To the best of our knowledge, no CdC tailored rehabilitation programs are to date available even if already in 1980 Wilkins et al. [3] stated that “achievement levels were influenced favourably by the early introduction of special education.” The “Cri du Chat supporting group” from UK provides “Handbook for Parents and Professionals” containing a large amount of practical advice for caring and improving the development of skills in CdC patients [11], but there is no single patient tailored program of education. A similar handbook is provided by the ABC [12].

In 2008, Pizzamiglio et al. [13] reported a single case in whom improvement of visual-motor coordination was obtained by a computer based program in which the patient was requested to “touch a picture on the screen with a coordinated hand movement to obtain the appearance of a new picture.”

The method described in this report shares some similarities with the visual stimulation offered in the MP program. A further CdC patient, with mild developmental delay, when investigated for emotional competence, demonstrated a performance similar to age matched controls [14], demonstrating that personalized training may be beneficial. So, the availability of new computer based methods if joined to personalized educational training is likely to significantly improve the final outcome of performances in CdC patients.

A first step to pursue this goal could be an accurate and detailed description of their psychomotor development, and this was done as reported by Cerruti Mainardi et al. [4].

The personal experience of a group expert in special education (FaTo, MaPe, and LuMe) led to the proposal to ABC of the method described above (http://www.criduchat.it/documents/ABC-Criduchat-Technical-aspects-Educational-Guidelines-EN-web.pdf). At present, the only possibility of evaluating the efficacy of the proposed method was to compare available data about psychomotor development between the two groups of cases, MP and non-MP. As reported in the methods, inclusion into the project was on a parental voluntarily basis only, and the patients were not randomised. The comparison failed to demonstrate significant differences between the two groups.

However, parents consistently reported improvement in everyday behaviour, as “general self-care,” “to be able to wait,” “to be with people,” or “to sit quietly for lunch.” Some older patients also experienced skiing or horse riding.
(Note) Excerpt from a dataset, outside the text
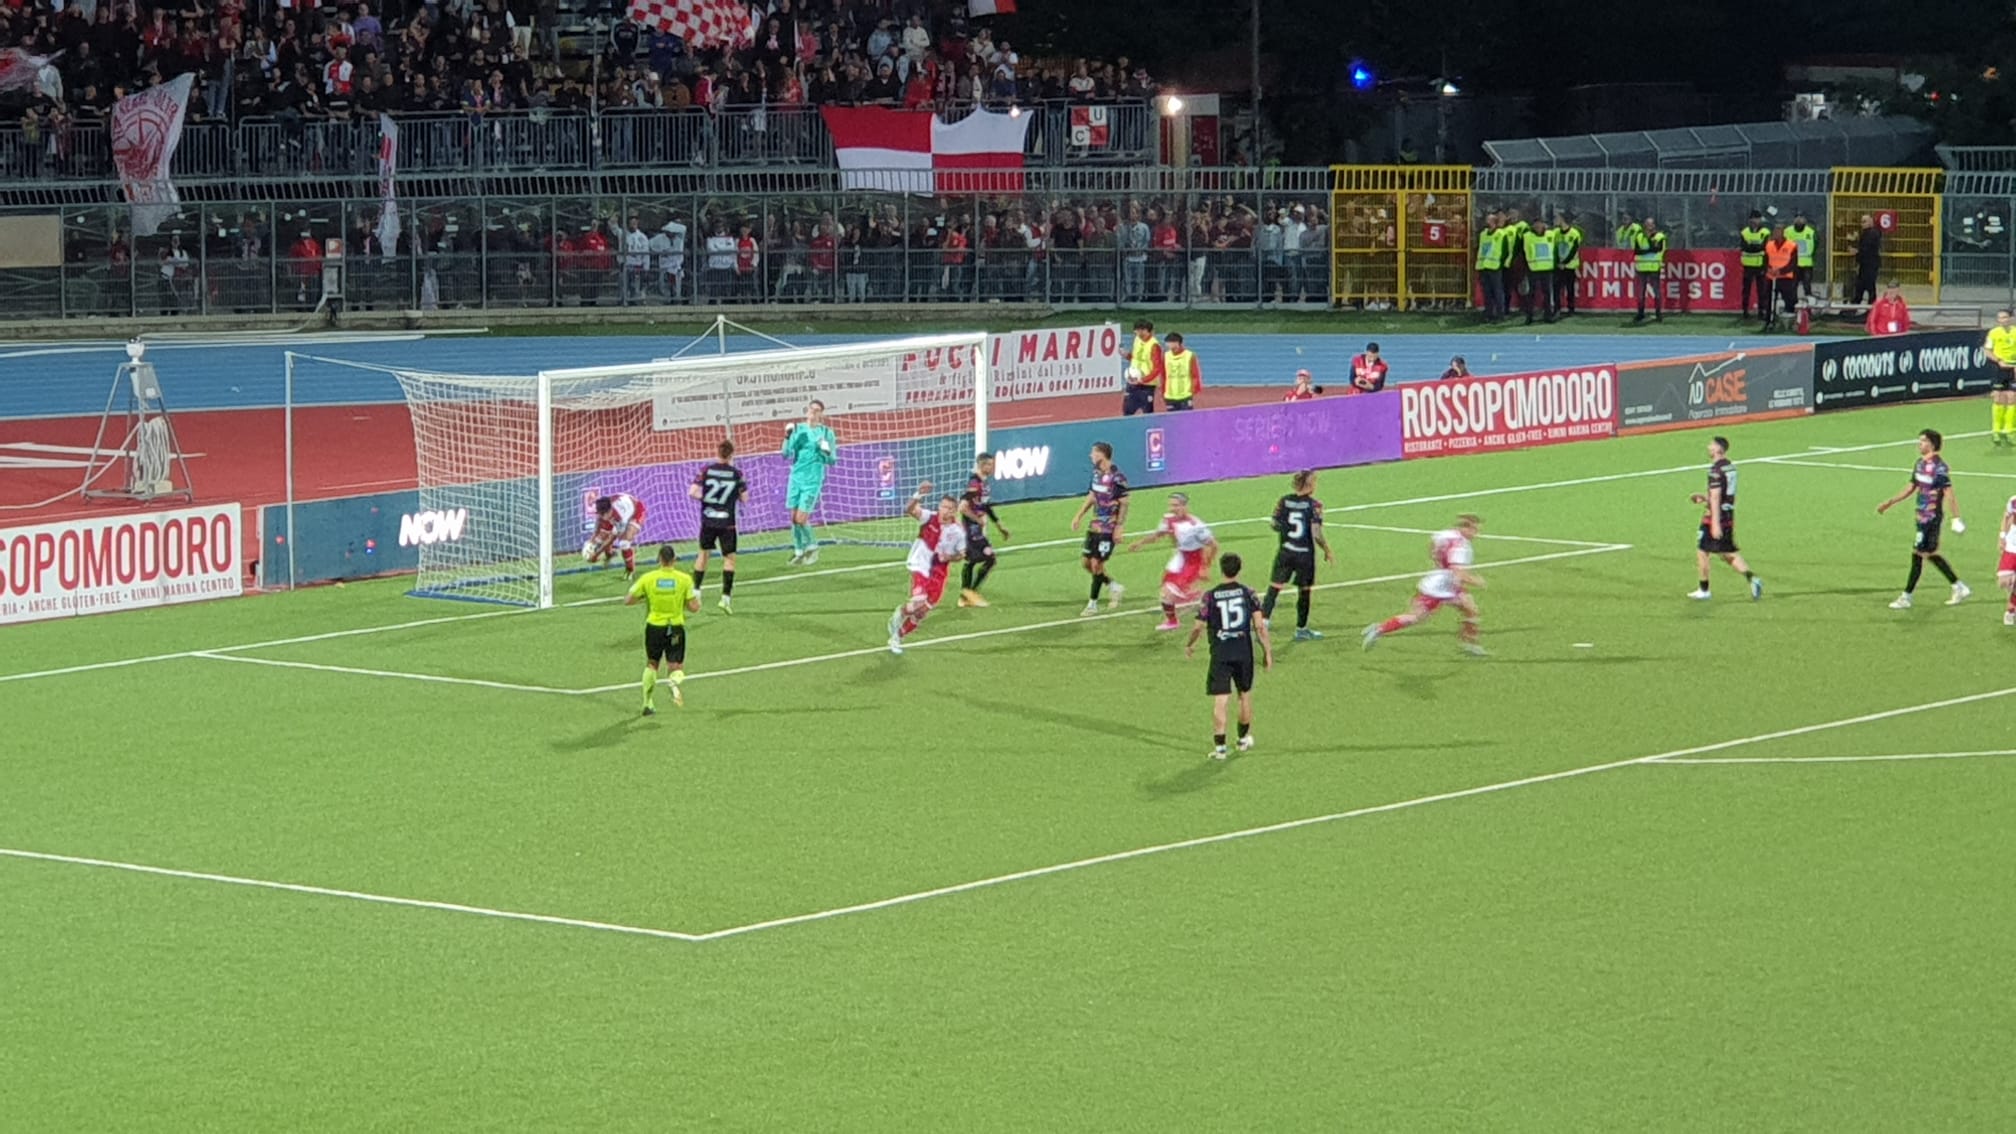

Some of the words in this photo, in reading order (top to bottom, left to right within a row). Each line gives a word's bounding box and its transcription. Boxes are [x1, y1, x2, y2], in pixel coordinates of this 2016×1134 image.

In addition, parents involved in the MP program have been instructed to speak with their children asking very clear-cut questions, and they are almost sure to be well understood and to obtain adequate responses; to achieve this result, they usually subdivide complex duties into simpler subitems that the child is then able to understand and perform. Cooperation with teachers in MP group also resulted in a clear increase of their awareness about the learning skills present in CdC patients.

The educational needs of children with CdC, according to their parents’ opinions, have been discussed by Pituch et al. [15], who reported parents with high priority personal safety skills.

Child frequency and severity of behavioural problem were reported by Cornish and Bramble [16] as the best determinant for familial stress.

To evaluate any improvement on these behavioural skills, the test reporting on psychomotor development [4], which of course was intended to describe the neurological impairment, is not the best choice, and this is likely the explanation for the lack of significance.

The educational program “MP” is still ongoing, and collection of data based on different scales, to obtain a quantitative evaluation of parental observations about improvements obtained by the MP, is in progress.

The extensive clinical heterogeneity reported by Wilkins et al. [17] and the observation by Albano et al. [14] that in some mildly affected cases emotional competences may be comparable to controls stress the relevance of developing new and personalized methods of education in CdC patients.

Competing Interests

The authors declare no competing interests regarding the publication of this manuscript.